++++ Dataset entries

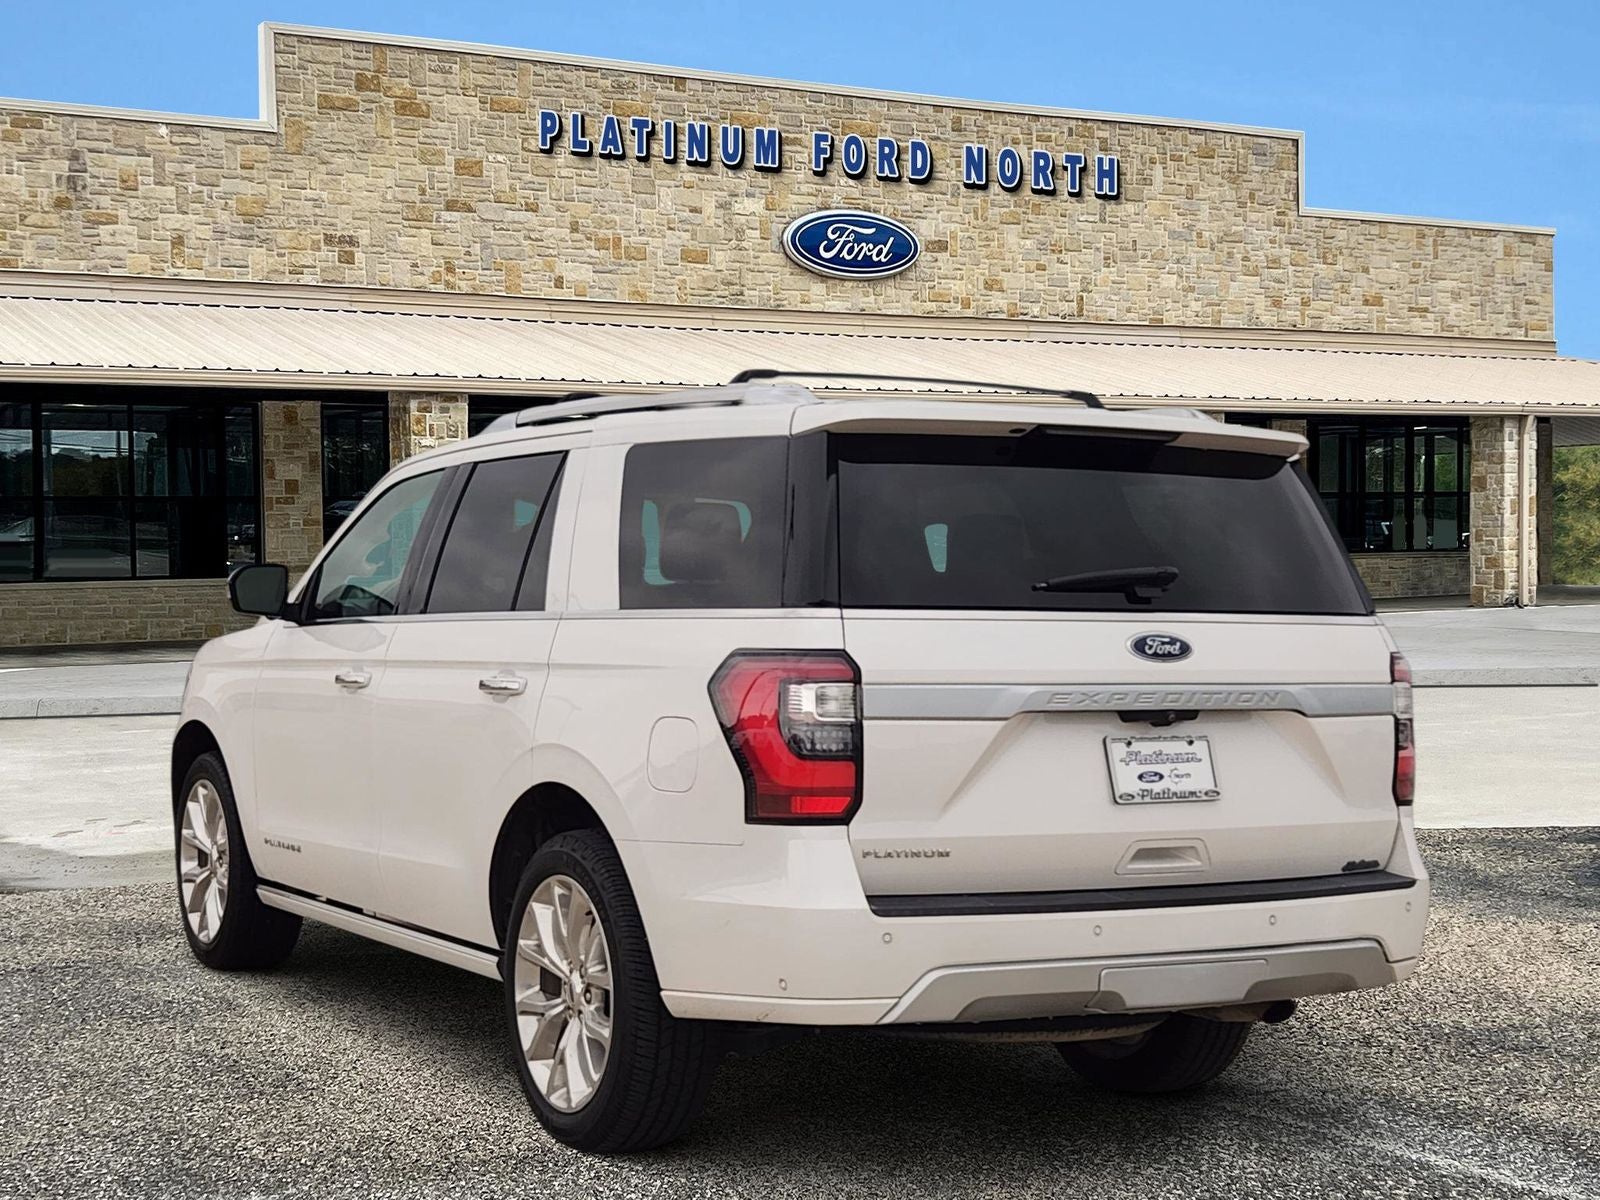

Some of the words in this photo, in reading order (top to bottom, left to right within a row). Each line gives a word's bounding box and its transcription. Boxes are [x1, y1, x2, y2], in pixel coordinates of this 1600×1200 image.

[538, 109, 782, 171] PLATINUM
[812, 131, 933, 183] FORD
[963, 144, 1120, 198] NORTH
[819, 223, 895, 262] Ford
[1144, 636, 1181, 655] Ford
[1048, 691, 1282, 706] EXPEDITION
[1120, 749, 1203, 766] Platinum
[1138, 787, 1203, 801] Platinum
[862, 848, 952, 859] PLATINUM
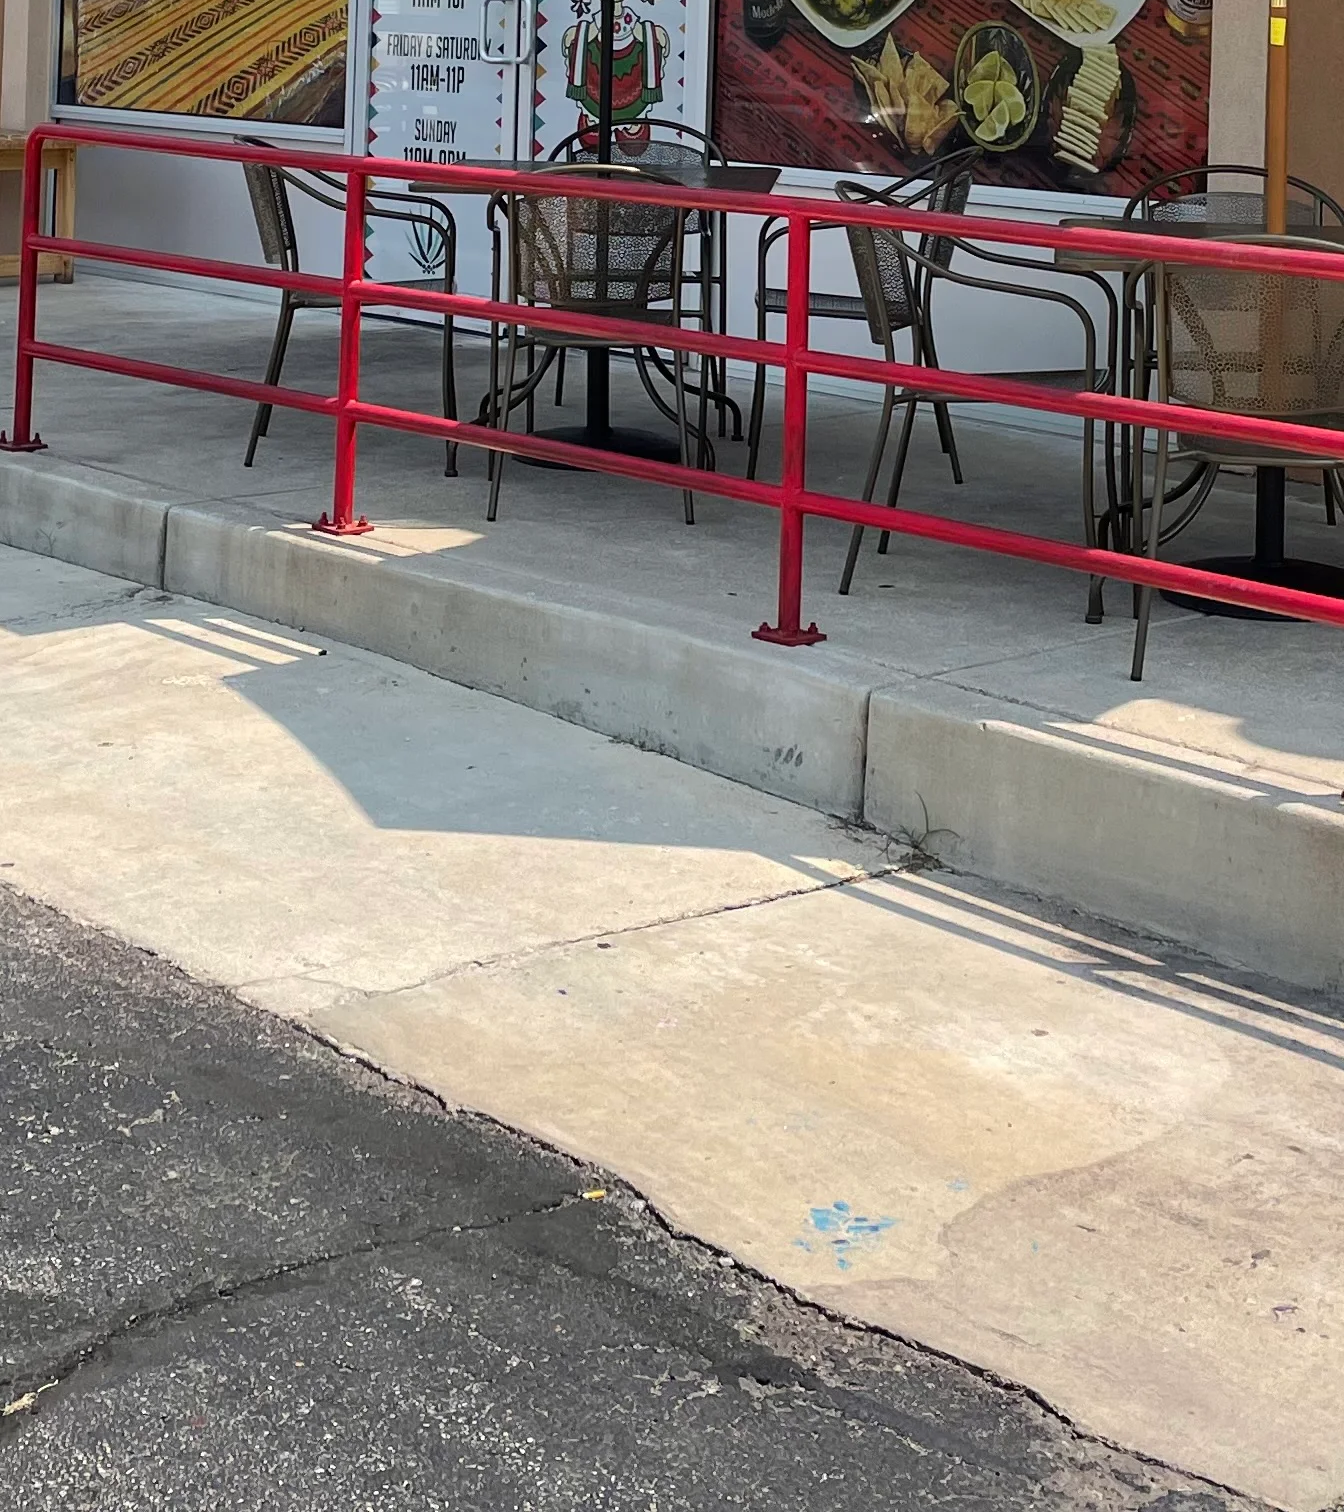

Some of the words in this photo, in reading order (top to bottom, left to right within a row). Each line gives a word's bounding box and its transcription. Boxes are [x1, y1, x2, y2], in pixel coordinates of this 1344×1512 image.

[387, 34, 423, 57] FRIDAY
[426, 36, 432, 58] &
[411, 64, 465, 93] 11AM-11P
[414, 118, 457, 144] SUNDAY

++++++++

The answer must be exactly the lines from the one containing "this 1344×1512 image." through the final line of the data, both ends included, and nothing else.

Some of the words in this photo, in reading order (top to bottom, left to right within a row). Each line gives a word's bounding box and its transcription. Boxes are [x1, y1, x2, y2], in pixel coordinates of this 1344×1512 image.

[387, 34, 423, 57] FRIDAY
[426, 36, 432, 58] &
[411, 64, 465, 93] 11AM-11P
[414, 118, 457, 144] SUNDAY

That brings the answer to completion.